Mark S. Miller erights at google.com
Thu Jun 4 07:42:34 PDT 2009

On Thu, Jun 4, 2009 at 1:19 AM, Christian Plesner Hansen
<christian.plesner.hansen at gmail.com> wrote:
> It's unclear to me from reading this thread if any other browsers
> actually implement JSON correctly according to ES5.

More, it seems clear from reading this thread that none do.

> If none do, how
> sure are we that these changes won't break people's programs?

"Sure" is never an option ;). Our relative confidence comes from our
knowledge of the behavior of various popular json emitters. In
particular, we know of none that emit octal.

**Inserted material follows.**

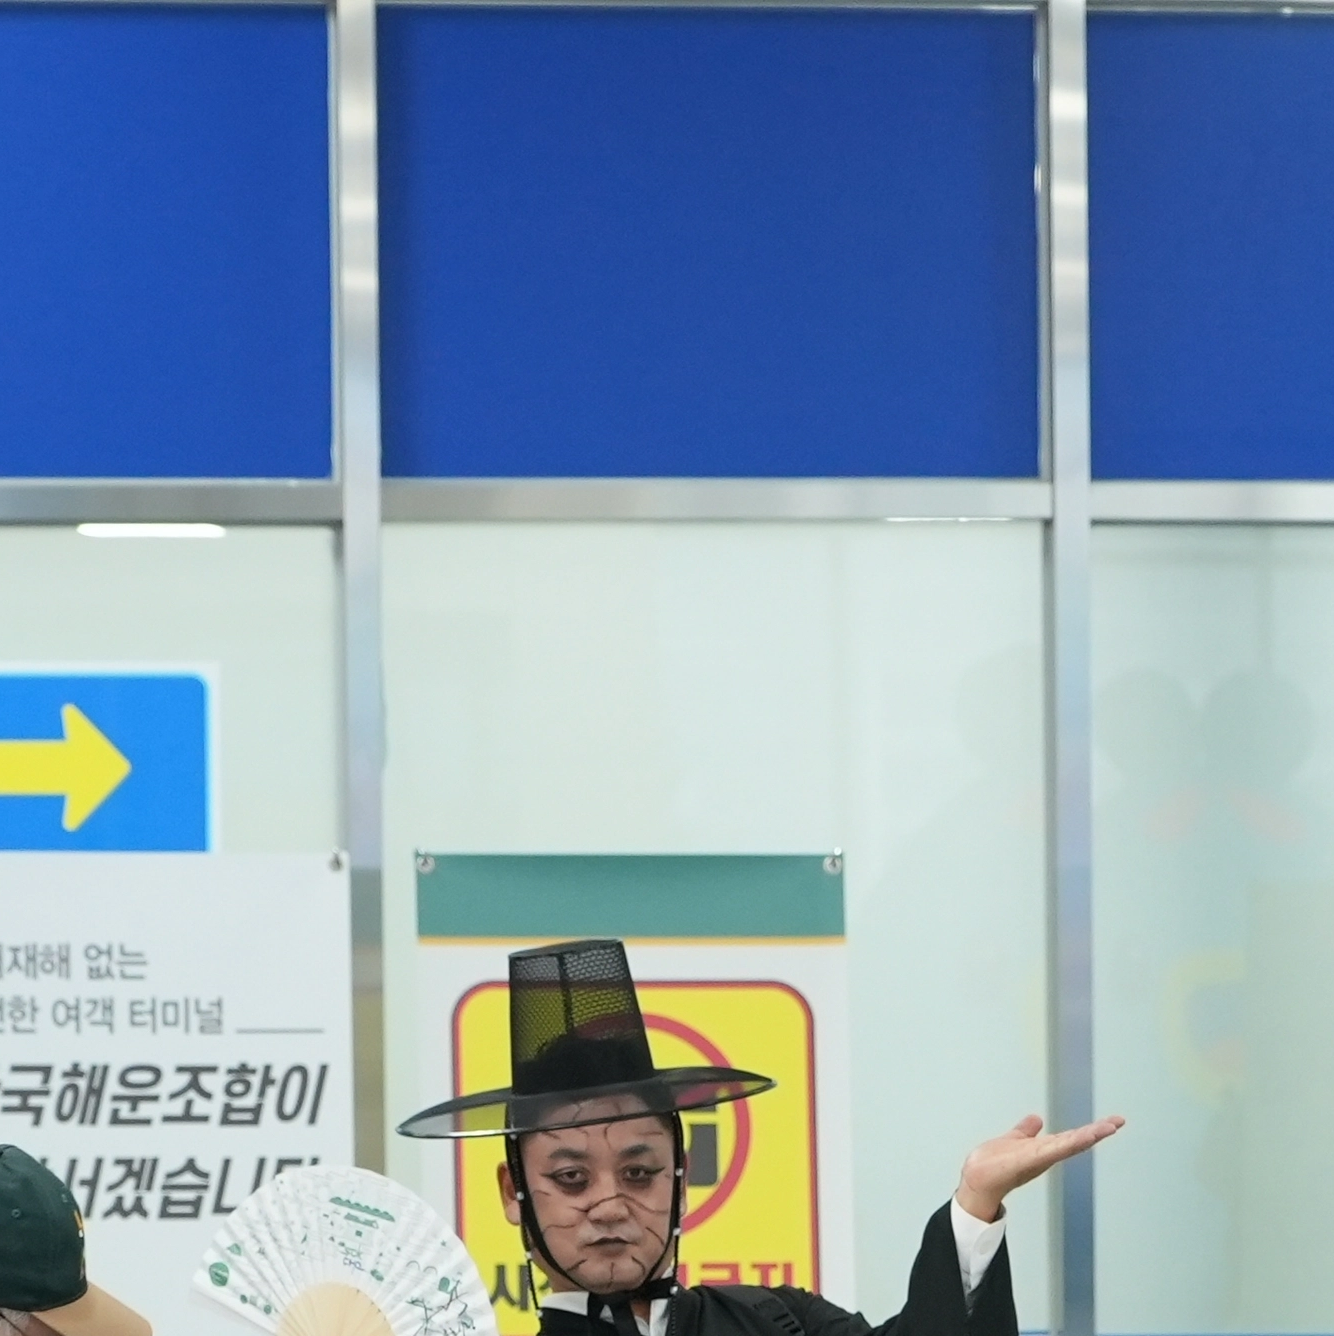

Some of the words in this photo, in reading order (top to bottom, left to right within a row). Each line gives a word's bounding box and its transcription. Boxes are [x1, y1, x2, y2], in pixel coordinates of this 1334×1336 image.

> As for octal literals I agree that they're not a good idea.  However,
> adding new special cases to avoid them is a cure worse than the
> disease.  It adds to the complexity of the language in an area that is
> already dangerously complex.

Since octal syntax will currently be interpreted as decimal on some
browsers and octal on others, even by json.js (since it delegates to
eval), there is no safe way to allow this syntax. By allowing them,
one's JSON.parse is no longer validating. It will not complain about
data that will be interpreted differently by different browsers.

Recall that we felt we needed to add JSON support to the spec because
JS library code cannot provide parsers that are simultaneously fast,
safe, and validating. If all you want is safe and fast, json_sans_eval
is a fine solution that works on existing browsers.